The time, the condition persisted for six weeks, affecting his everyday life.
"I'd try to drive with my right hand," Beckett said, "and my right hand would go numb."
He could pitch, he said, but his arm would feel weak and heavy.
"I'd throw a bullpen, and I couldn't feel my hand," he said.
Beckett is set to undergo surgery next week, in which a rib is expected to be removed to relieve pressure on a compressed nerve. St.

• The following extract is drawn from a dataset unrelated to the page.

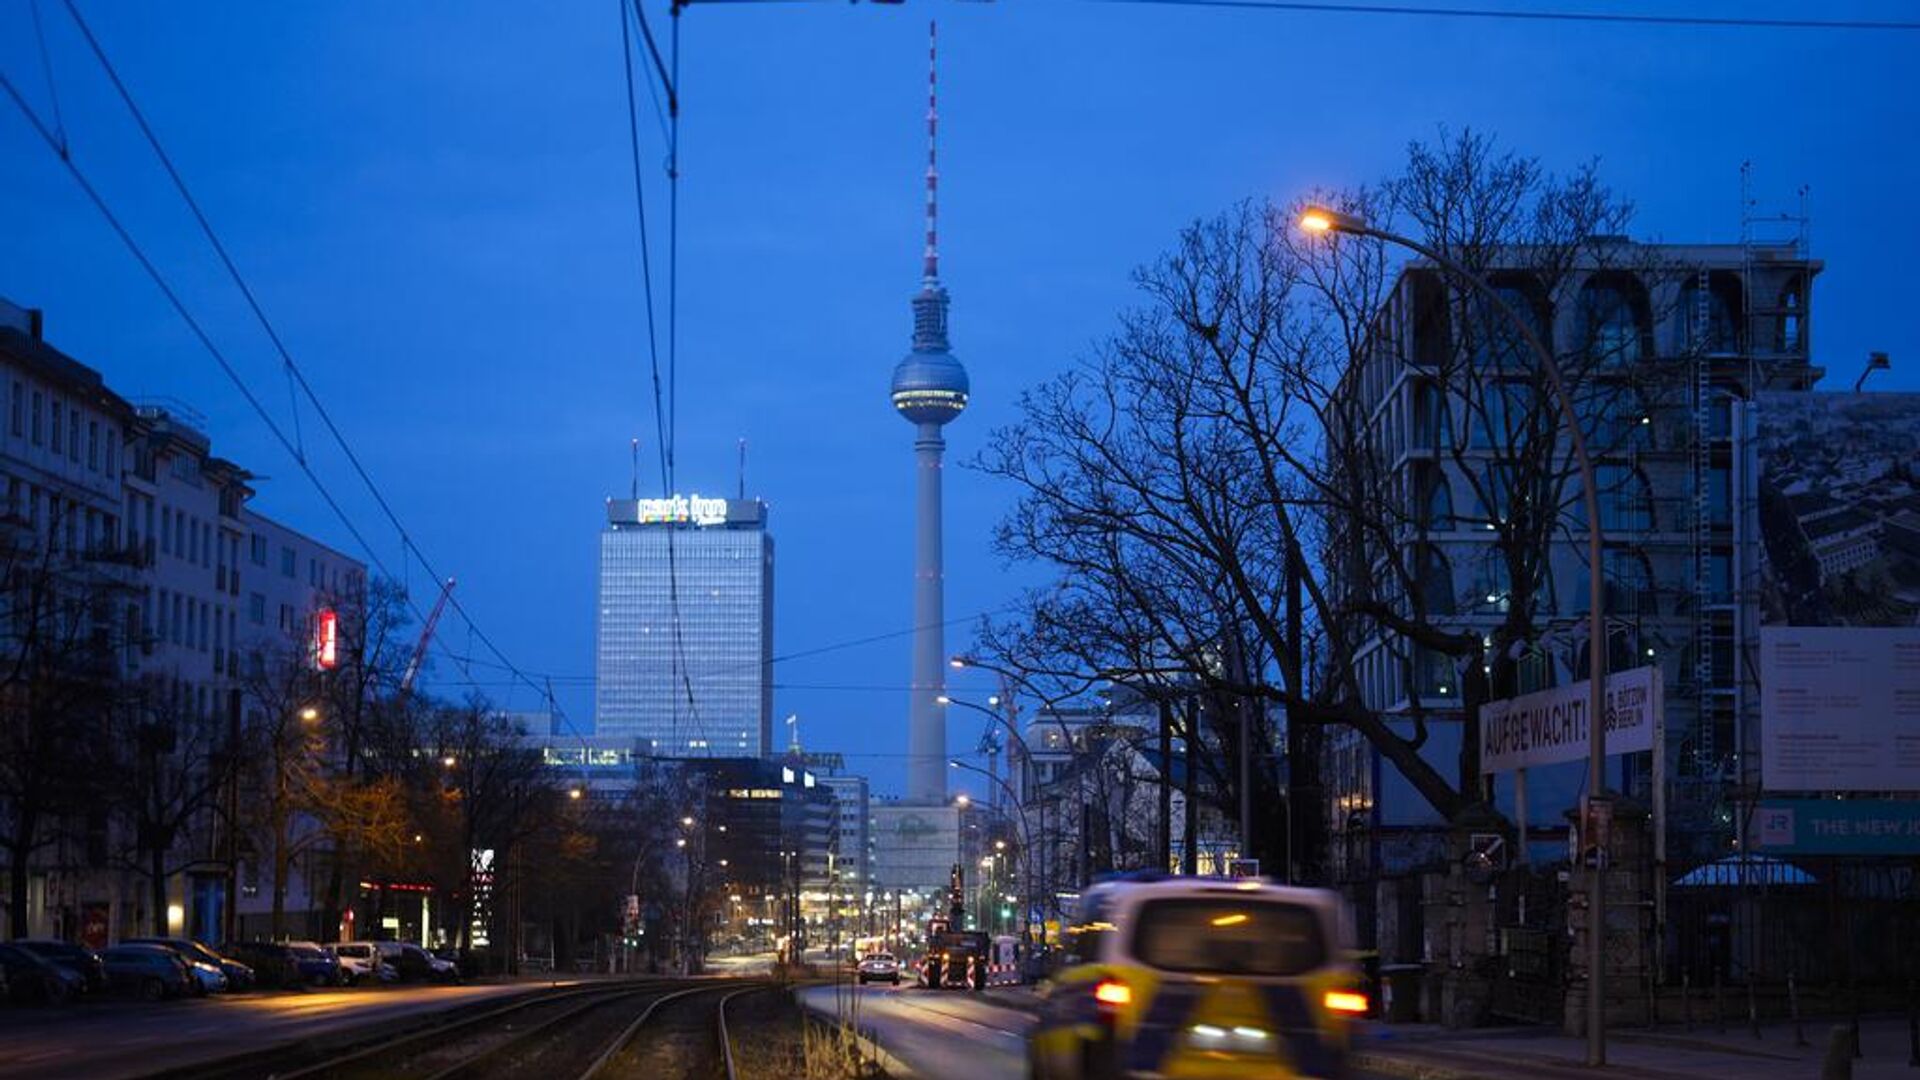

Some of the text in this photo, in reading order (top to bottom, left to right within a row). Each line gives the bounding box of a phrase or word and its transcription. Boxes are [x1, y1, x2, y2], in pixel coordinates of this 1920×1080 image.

[1485, 699, 1587, 756] AUFGEWACHT!
[1617, 707, 1644, 728] BERLIN
[1811, 818, 1849, 836] THE
[1856, 818, 1900, 836] NEW

Louis Cardinals pitcher Chris Carpenter had a similar procedure last year, in which the surgeon used what Carpenter called "a pair of hedge-clipping looking things" to extract a rib, then cut away to muscles in his neck.
Beckett is expected to resume throwing before the season ends, more to put him on a normal course for spring training than to try to get him back for the pennant stretch.
"That would be a miracle-case scenario," Beckett said. "Being ready for next year, and for spring training, without any limitations is probably the most realistic goal."
Before opting for surgery, Beckett tried a rehabilitation program that involved adjustments to his breathing and hip position, in the hope of relieving the discomfort. However, he said, his doctor warned him the symptoms probably would return as soon as Beckett resumed throwing.
Beckett, 33, is 0-5 with a 5.19 earned-run average. The Dodgers acquired him from the Boston Red Sox last August. They are paying him $15.75 million this season and again next season, the last one in his contract.
"The most frustrating thing is just the time. I've never missed this much time," Beckett said. "I've kind of just been a body around here."
Beckett has been on the disabled list 15 times in his career. but he said he never has had surgery, despite pitching more than 1,900 innings.
"Hopefully, we can get another 1,900 innings in," he joked. "Then the next one won't matter."